Nicolas Vasilache llvmlistbot at llvm.org
Fri Jul 1 00:15:41 PDT 2022


Author: Nicolas Vasilache
Date: 2022-07-01T00:15:34-07:00
New Revision: 6a57d8fba5b3c319d81eb91afbd02d22ab1c8662

URL: https://github.com/llvm/llvm-project/commit/6a57d8fba5b3c319d81eb91afbd02d22ab1c8662
DIFF: https://github.com/llvm/llvm-project/commit/6a57d8fba5b3c319d81eb91afbd02d22ab1c8662.diff

LOG: [mlir][vector] Untangle TransferWriteDistribution and avoid crashing in the 0-D case.

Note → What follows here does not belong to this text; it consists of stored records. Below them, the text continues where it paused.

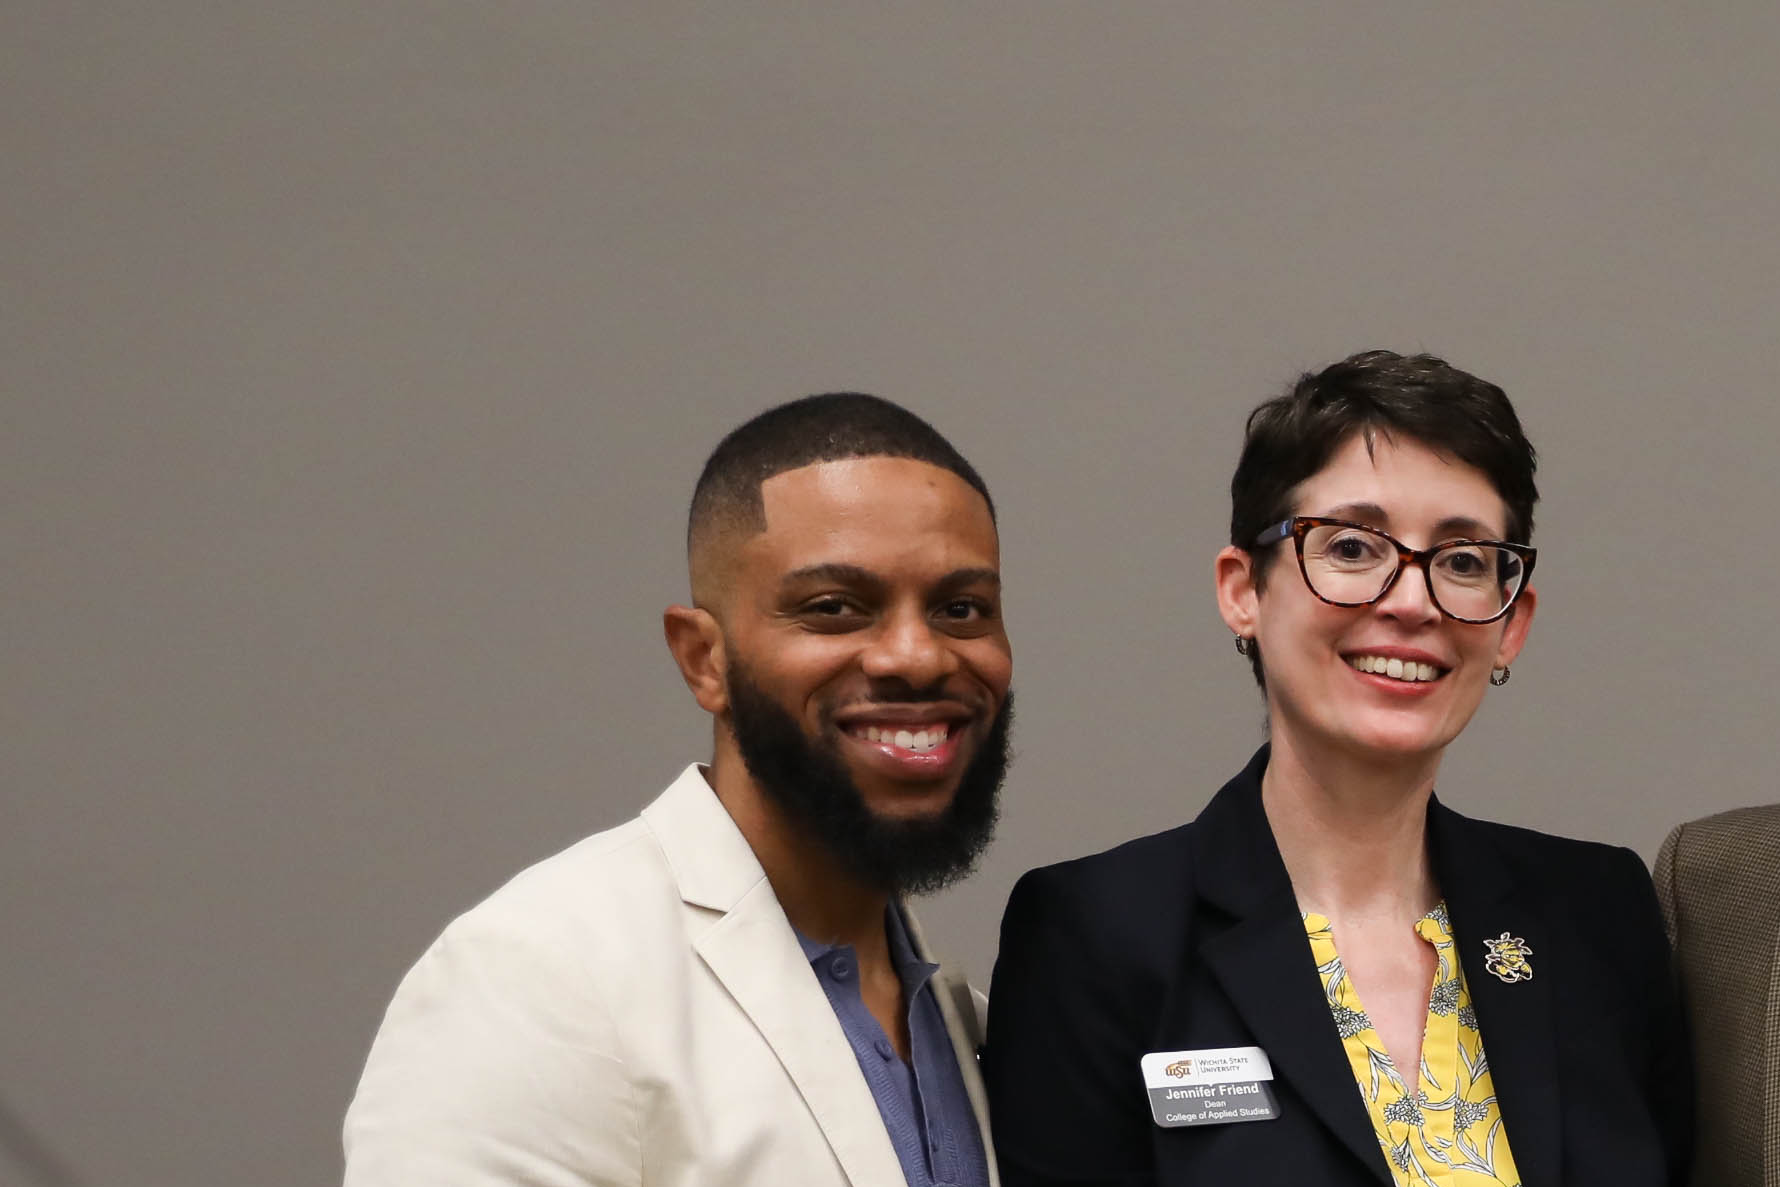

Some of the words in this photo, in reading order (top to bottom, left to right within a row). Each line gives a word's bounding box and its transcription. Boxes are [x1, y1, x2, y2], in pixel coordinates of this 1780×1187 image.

[1166, 1086, 1216, 1100] Jennifer
[1220, 1082, 1259, 1096] Friend
[1204, 1100, 1226, 1108] Dean
[1166, 1112, 1197, 1122] College
[1198, 1111, 1207, 1119] of
[1208, 1109, 1238, 1120] Applied
[1239, 1107, 1270, 1116] Studies

This revision avoids a crash in the 0-D case of distributing vector.transfer ops out of
vector.warp_execute_on_lane_0.
Due to the code complexity and lack of documentation, it took untangling the implementation
before realizing that the simple fix was to fail in the 0-D case.
The rewrite is still very useful to understand this code better.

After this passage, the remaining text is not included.